# Kaggle: LLM Classification Finetuning


## 0. Environment and Dependencies

Primary libraries used in this notebook:

- `pandas`, `numpy`: data processing
- `matplotlib`, `seaborn`: visualization
- `scikit-learn`: dataset splitting and metrics (accuracy, log_loss)
- `transformers`, `datasets`, `torch`: LLM fine-tuning (e.g., DistilBERT)

Local environment (GPU setup):

- PyTorch: 2.7.1+cu118
- CUDA available: True
- CUDA version: 11.8
- GPU model: NVIDIA GeForce RTX 3050 Laptop GPU
- Current device: 0

Make sure all dependencies are installed before running the notebook.

In [None]:
import sys
import os
import pandas as pd
import numpy as np
import matplotlib.pyplot as plt
import seaborn as sns

from sklearn.model_selection import train_test_split
from sklearn.metrics import accuracy_score, log_loss

import torch
from datasets import Dataset
import transformers
from transformers import (
    AutoTokenizer,
    AutoModelForSequenceClassification,
    Trainer,
    TrainingArguments,
    DataCollatorWithPadding,
)

sns.set_theme(style="whitegrid")

device = torch.device("cuda" if torch.cuda.is_available() else "cpu")
print(f"Using device: {device}")
print(f"PyTorch version: {torch.__version__}")
print(f"CUDA available: {torch.cuda.is_available()}")
print(f"CUDA version: {torch.version.cuda}")
if torch.cuda.is_available():
    print(f"GPU model: {torch.cuda.get_device_name(0)}")
    print(f"Current device: {torch.cuda.current_device()}")
print(f"Transformers version: {transformers.__version__}")
print(f"Python executable: {sys.executable}")

## 1. Data Loading

- Train set: `Dataset/train.csv`
- Test set: `Dataset/test.csv`

Train set columns:

- `id, model_a, model_b, prompt, response_a, response_b, winner_model_a, winner_model_b, winner_tie`

Test set columns:

- `id, prompt, response_a, response_b`

Goal: given the prompt and two responses, predict which response users prefer (A / B / tie).

In [None]:
train_path = os.path.join("Dataset", "train.csv")
test_path = os.path.join("Dataset", "test.csv")

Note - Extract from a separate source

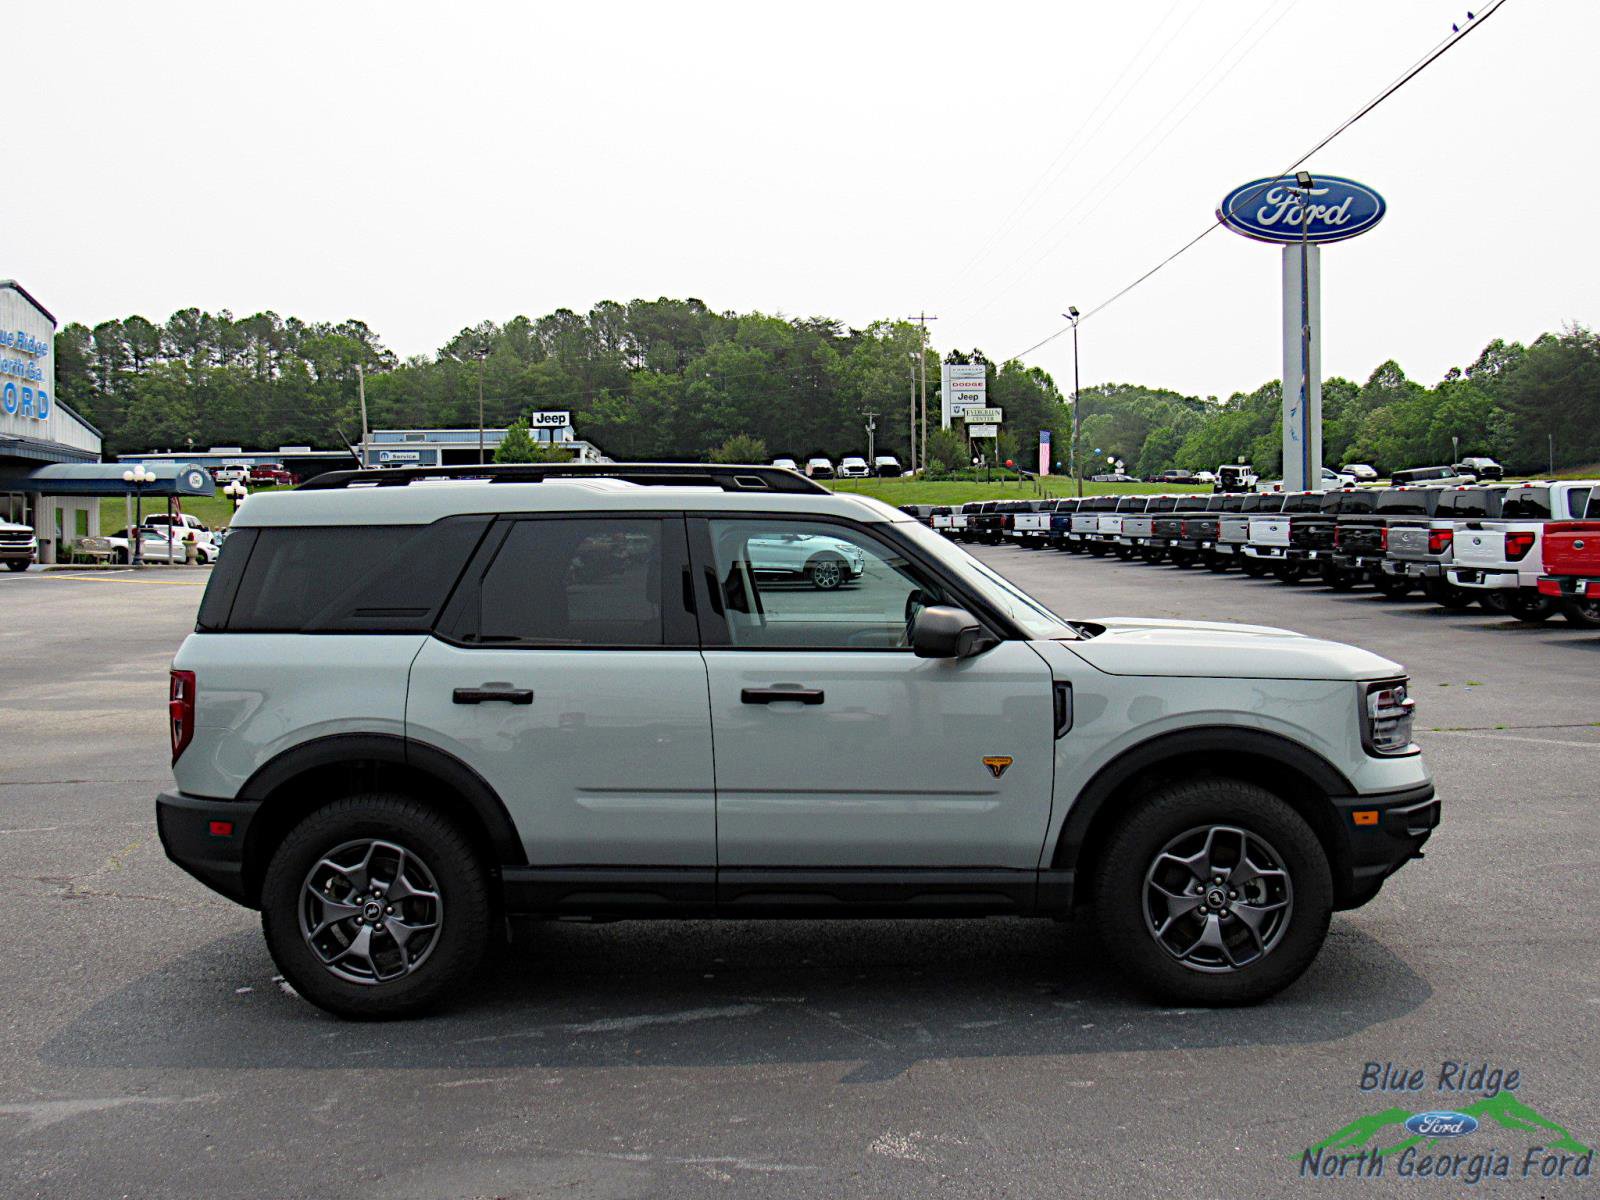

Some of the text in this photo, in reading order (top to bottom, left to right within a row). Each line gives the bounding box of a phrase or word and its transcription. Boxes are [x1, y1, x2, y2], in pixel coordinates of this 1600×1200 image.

[1257, 186, 1353, 225] Ford
[17, 331, 48, 358] Ridge
[957, 393, 979, 402] Jeep
[536, 413, 566, 425] Jeep

df_train = pd.read_csv(train_path)
df_test = pd.read_csv(test_path)

print("Train shape:", df_train.shape)
print("Test shape:", df_test.shape)

df_train.head()

## 2. Exploratory Data Analysis (EDA)

Before training, visualize the dataset to understand its structure. Focus on:

- Label distribution (winner)
- Basic statistics and distributions of text lengths (prompt / response)
- A few sample rows to understand the task format

In [None]:
# Merge winner columns into a single label
def get_winner(row):
    if row["winner_model_a"] == 1:
        return "Model A"
    if row["winner_model_b"] == 1:
        return "Model B"
    return "Tie"

df_train["winner"] = df_train.apply(get_winner, axis=1)

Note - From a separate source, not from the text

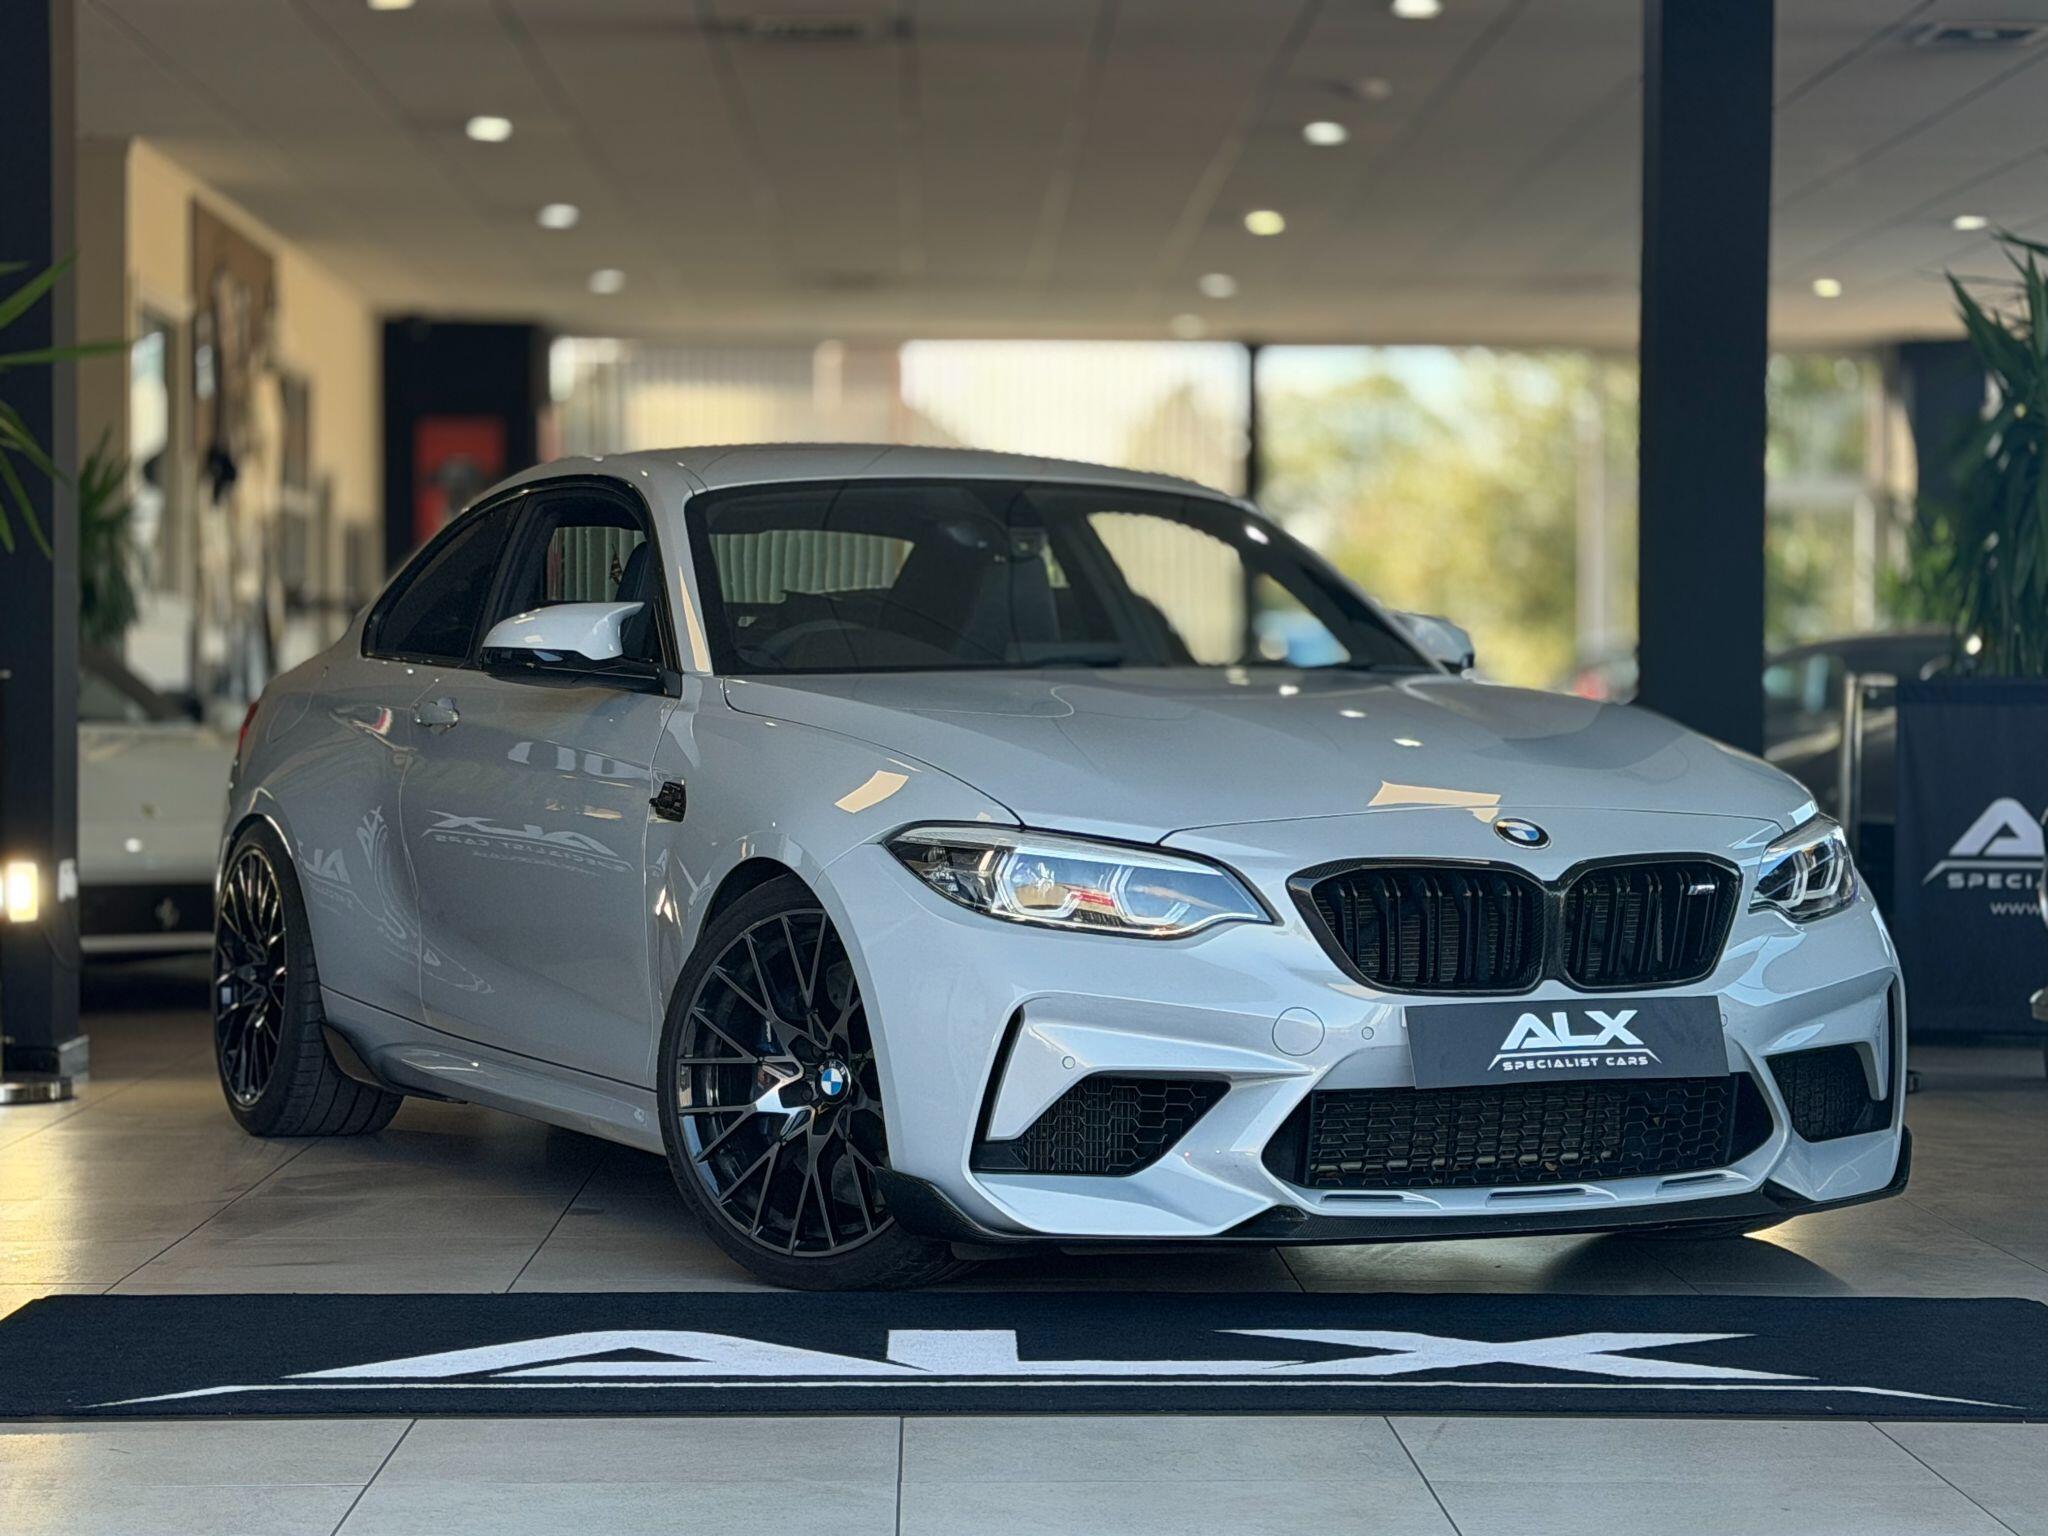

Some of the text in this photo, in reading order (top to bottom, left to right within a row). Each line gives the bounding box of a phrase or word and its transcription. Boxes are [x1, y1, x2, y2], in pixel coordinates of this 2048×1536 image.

[1501, 1009, 1645, 1051] ALX
[1502, 1056, 1649, 1072] SPECIALIST CARS
[281, 1328, 1819, 1380] ALX

df_train["winner"].value_counts()

In [None]:
df_train["len_prompt"] = df_train["prompt"].astype(str).apply(len)
df_train["len_resp_a"] = df_train["response_a"].astype(str).apply(len)
df_train["len_resp_b"] = df_train["response_b"].astype(str).apply(len)

q_prompt = df_train["len_prompt"].quantile(0.95)
q_resp_a = df_train["len_resp_a"].quantile(0.95)
q_resp_b = df_train["len_resp_b"].quantile(0.95)

fig, axes = plt.subplots(1, 3, figsize=(15, 4))
sns.histplot(df_train["len_prompt"], bins=50, ax=axes[0])
axes[0].set_title("Prompt Length (0-95% quantile)")
axes[0].set_xlim(0, q_prompt)

sns.histplot(df_train["len_resp_a"], bins=50, ax=axes[1])
axes[1].set_title("Response A Length (0-95% quantile)")
axes[1].set_xlim(0, q_resp_a)

sns.histplot(df_train["len_resp_b"], bins=50, ax=axes[2])
axes[2].set_title("Response B Length (0-95% quantile)")
axes[2].set_xlim(0, q_resp_b)

plt.tight_layout()
plt.show()

In [None]:
df_train[["prompt", "response_a", "response_b", "winner"]].head(3)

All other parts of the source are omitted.